Work to complete: Reproduce the records. Keep every word exact and include no images.

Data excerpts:
◇ ◇ ◇ ◇ ◇ ◇ ◇

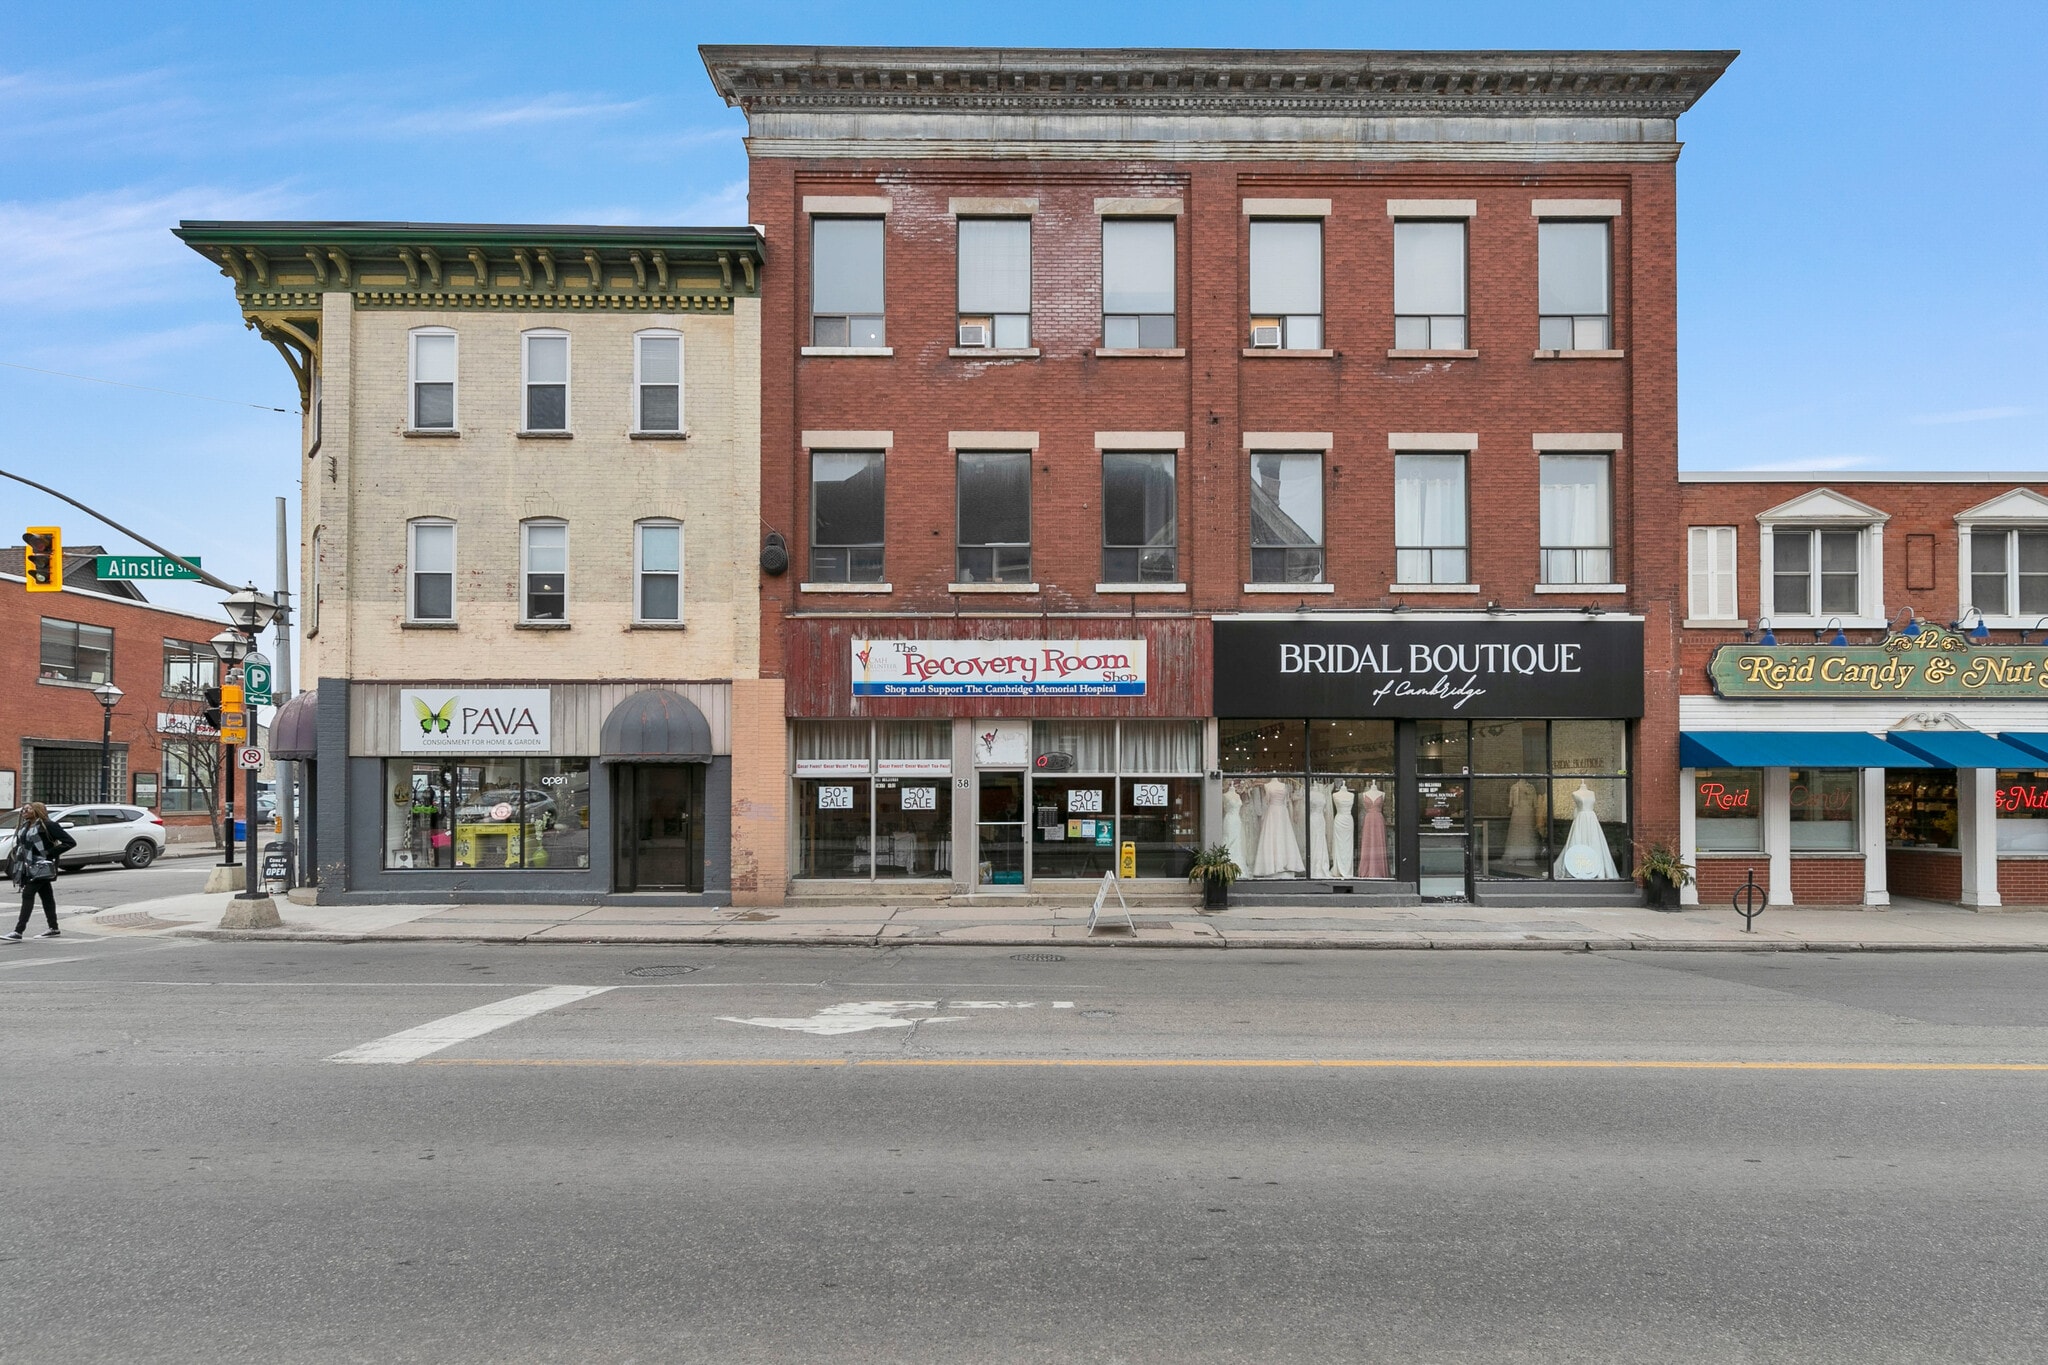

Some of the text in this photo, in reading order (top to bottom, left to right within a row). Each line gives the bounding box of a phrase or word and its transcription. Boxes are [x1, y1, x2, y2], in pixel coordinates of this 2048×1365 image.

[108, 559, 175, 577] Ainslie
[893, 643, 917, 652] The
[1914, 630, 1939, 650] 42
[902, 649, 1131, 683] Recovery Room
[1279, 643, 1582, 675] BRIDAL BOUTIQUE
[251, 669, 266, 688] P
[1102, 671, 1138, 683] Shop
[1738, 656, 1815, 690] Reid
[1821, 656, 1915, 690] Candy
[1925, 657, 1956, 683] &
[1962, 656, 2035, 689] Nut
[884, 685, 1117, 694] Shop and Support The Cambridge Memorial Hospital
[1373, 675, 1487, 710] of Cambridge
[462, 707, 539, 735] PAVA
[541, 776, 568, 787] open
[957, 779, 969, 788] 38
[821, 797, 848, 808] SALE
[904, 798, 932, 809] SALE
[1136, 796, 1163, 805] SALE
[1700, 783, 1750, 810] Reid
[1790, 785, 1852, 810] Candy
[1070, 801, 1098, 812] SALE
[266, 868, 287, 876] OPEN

◇ ◇ ◇ ◇ ◇ ◇ ◇

Answer box:
Some of the text in this photo, in reading order (top to bottom, left to right within a row). Each line gives the bounding box of a phrase or word and its transcription. Boxes are [x1, y1, x2, y2], in pixel coordinates of this 2048×1365 image.

[108, 559, 175, 577] Ainslie
[893, 643, 917, 652] The
[1914, 630, 1939, 650] 42
[902, 649, 1131, 683] Recovery Room
[1279, 643, 1582, 675] BRIDAL BOUTIQUE
[251, 669, 266, 688] P
[1102, 671, 1138, 683] Shop
[1738, 656, 1815, 690] Reid
[1821, 656, 1915, 690] Candy
[1925, 657, 1956, 683] &
[1962, 656, 2035, 689] Nut
[884, 685, 1117, 694] Shop and Support The Cambridge Memorial Hospital
[1373, 675, 1487, 710] of Cambridge
[462, 707, 539, 735] PAVA
[541, 776, 568, 787] open
[957, 779, 969, 788] 38
[821, 797, 848, 808] SALE
[904, 798, 932, 809] SALE
[1136, 796, 1163, 805] SALE
[1700, 783, 1750, 810] Reid
[1790, 785, 1852, 810] Candy
[1070, 801, 1098, 812] SALE
[266, 868, 287, 876] OPEN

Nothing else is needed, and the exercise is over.